Life sciences focuses on diseases, the health of the planetary ecosystem with global warming, pollution and pandemics, health research and “the creation and maintenance of healthy, resilient, and secure cities and societies.”

Energy transformations, McCauley says, means “actively leading the energy transformations that our societies so vitally need, about reducing carbon emissions, about making sure that the energy is used effectively and efficiently, making sure that we deal with the issues associated with equity and access to energy around the world.” 

City building is about “how we need to help the City of Calgary pivot,” McCauley says, and means building a respectful, diverse, sustainable, accessible, innovative city, both socially and environmentally. 

Finally, exploring digital worlds again expands on the COVID-19-directed move to online and blended delivery, and focuses on how “the University of Calgary’s digital initiative will drive transformations though its transdisciplinary approach to developing advanced technologies in areas selected to pair societal importance with UCalgary leadership.”
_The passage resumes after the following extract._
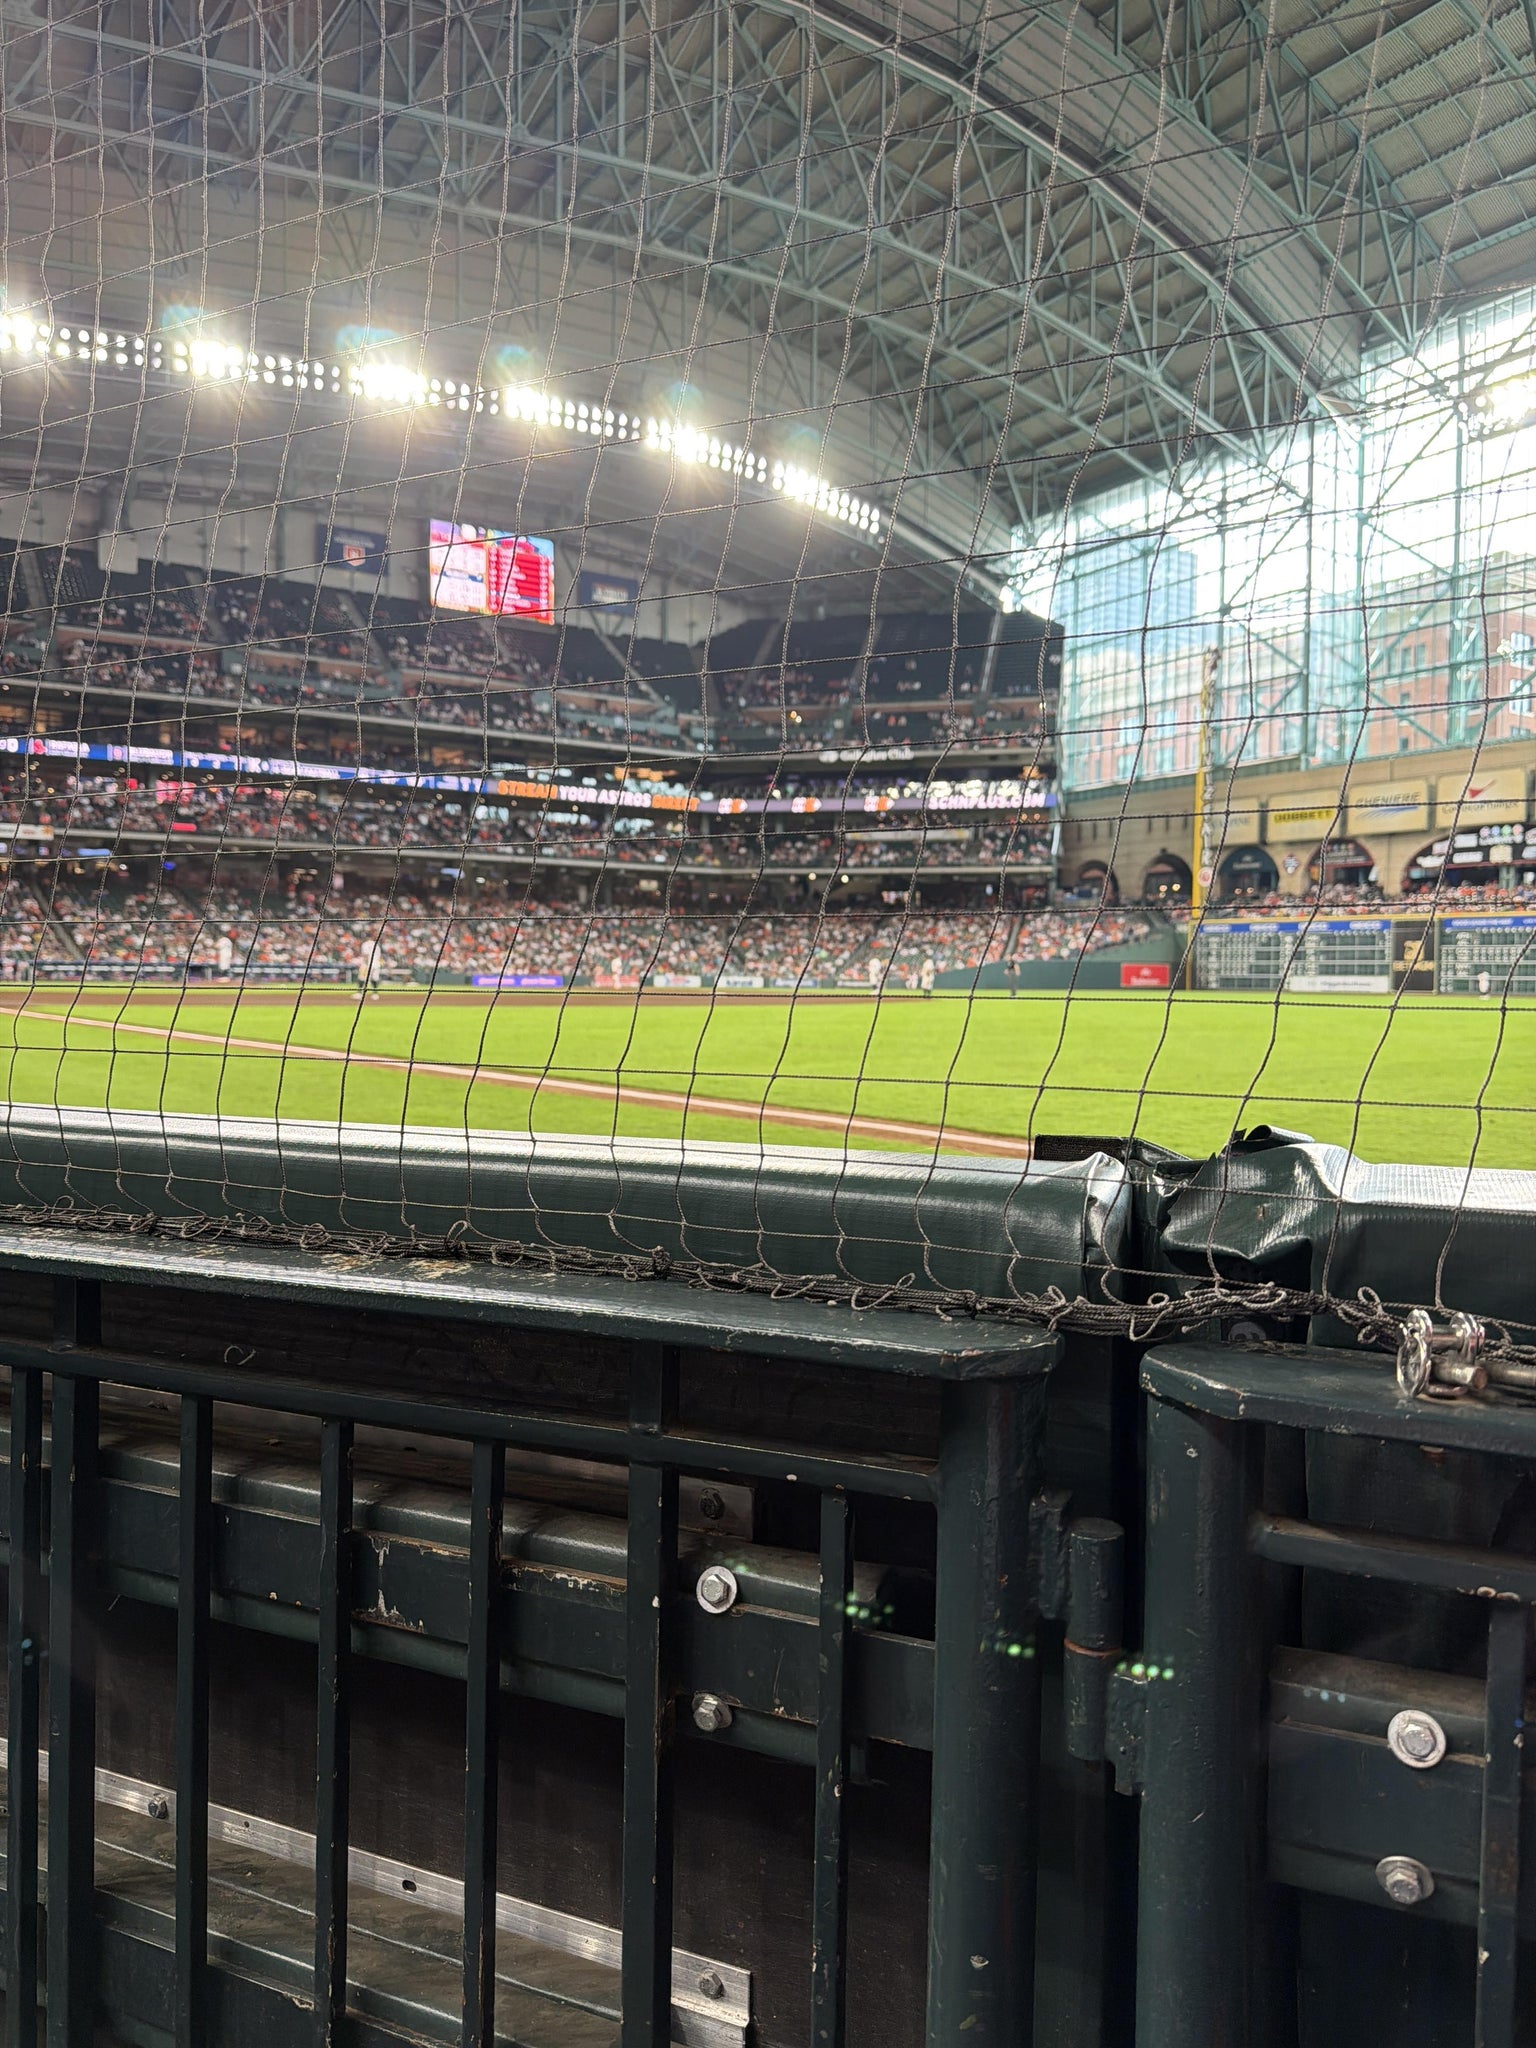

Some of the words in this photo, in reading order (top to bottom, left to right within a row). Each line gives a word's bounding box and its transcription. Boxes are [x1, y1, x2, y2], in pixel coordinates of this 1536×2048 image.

[497, 780, 558, 800] STREAM
[559, 785, 597, 803] YOUR
[597, 788, 651, 808] ASTROS
These goals and areas of focus are all aligned with the Eyes High Strategy, which focuses primarily on boosting UCalgary’s position to be in the top five research universities in Canada and innovate and promote research, scholarship and innovation in connection with the community. Unstoppable falls in line with these objectives, while also making a push to become a top entrepreneurial university too.
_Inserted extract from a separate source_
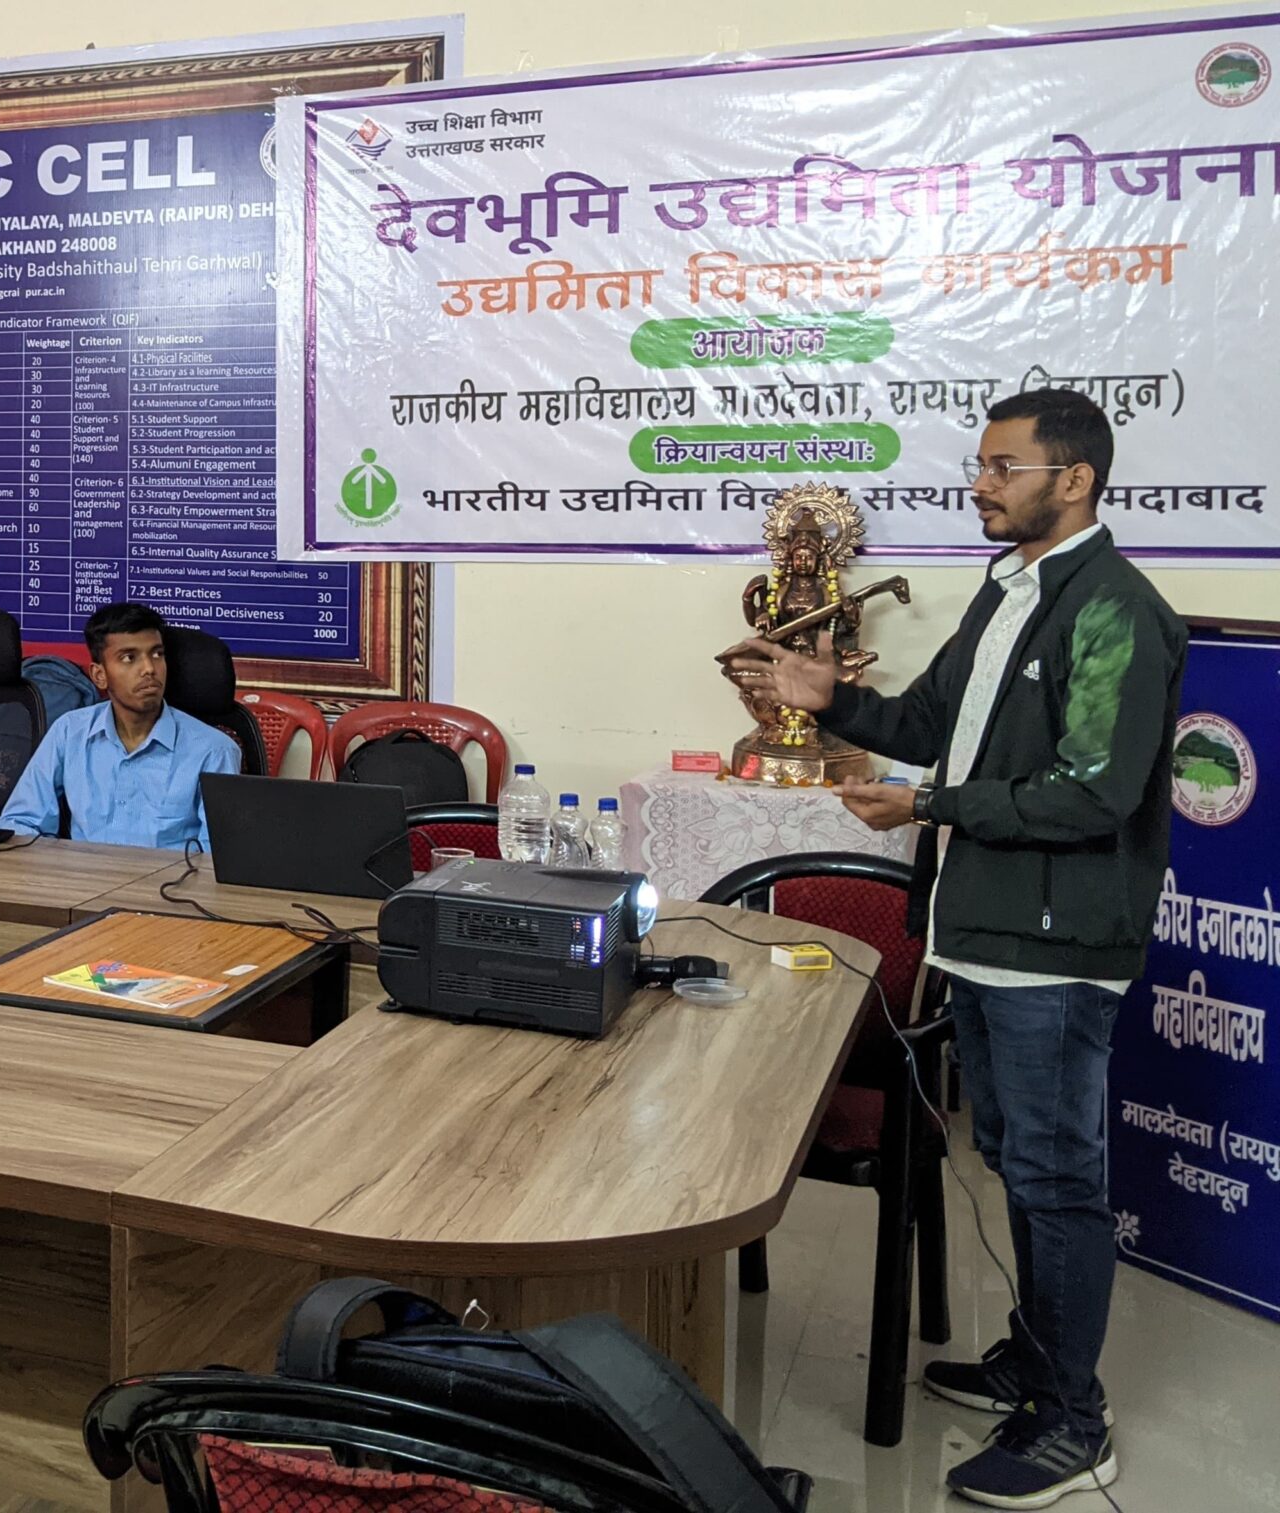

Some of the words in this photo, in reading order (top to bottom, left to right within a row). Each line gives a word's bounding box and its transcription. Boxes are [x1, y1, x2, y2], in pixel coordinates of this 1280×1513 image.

McCauley describes Eyes High as being their “compass, road maps and additional strategies” for Unstoppable

“The terrain is changing dramatically. And a compass and a roadmap is insufficient. We have to embrace that change and the significant headwinds that we face with the Growth Through Focus plan […] In essence, we want to make sure that we achieve our status as a great research university on the world stage, to continue that incredible momentum, and to be able to deflect those headwinds and actually grow through focusing on what we can do best.”
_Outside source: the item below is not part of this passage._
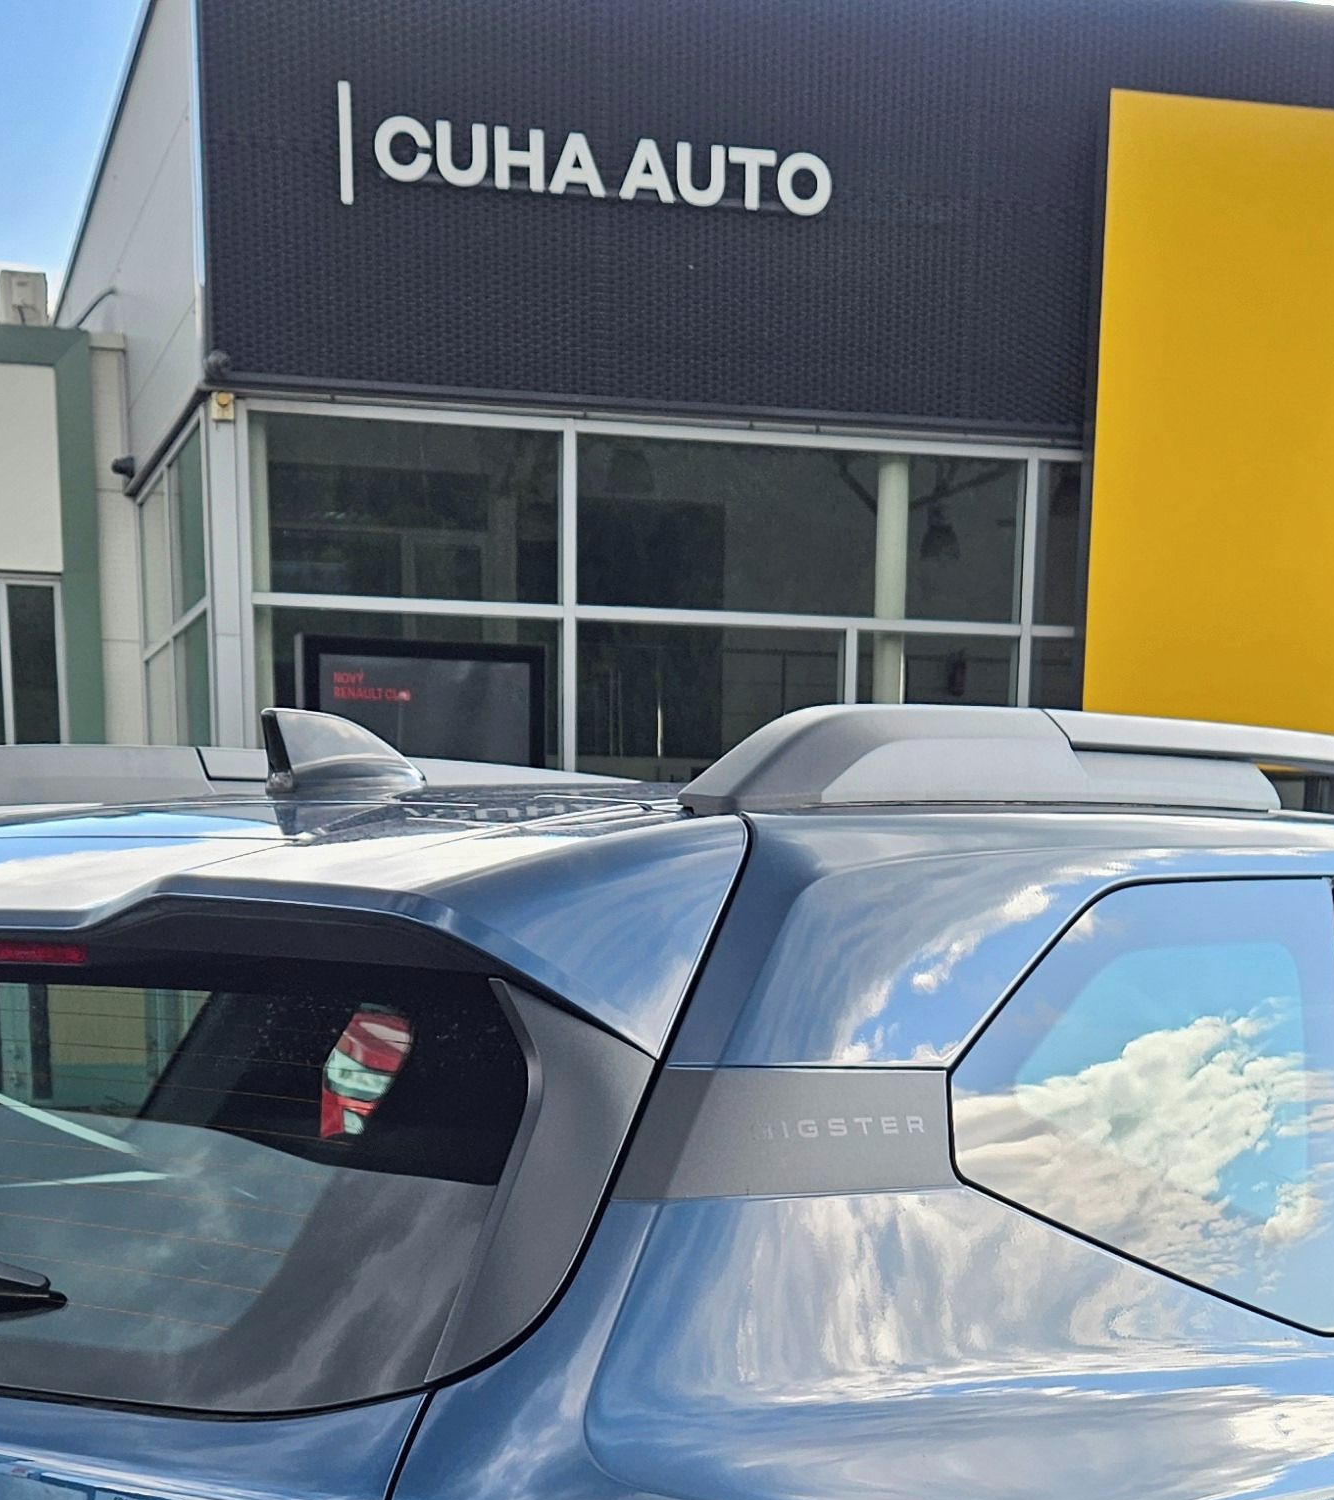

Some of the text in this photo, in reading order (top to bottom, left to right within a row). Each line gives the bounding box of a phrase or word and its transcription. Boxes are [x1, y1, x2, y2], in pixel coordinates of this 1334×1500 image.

[374, 115, 833, 216] CUHA AUTO
[333, 686, 383, 700] RENAULT
What does success look like in ten years if the plan is successful? The University of Calgary will be a top five university and be the entrepreneurial university, have a distinctive brand, have over 37,000 students (+4,000 from now) and over 10,000 graduate students (+3,700 from now) and have an increased revenue of up to $2 billion (+$600 million from now) that will be used to “support the best possible student experience, the best knowledge creation and the best applications of entrepreneurial thinking,” McCauley says.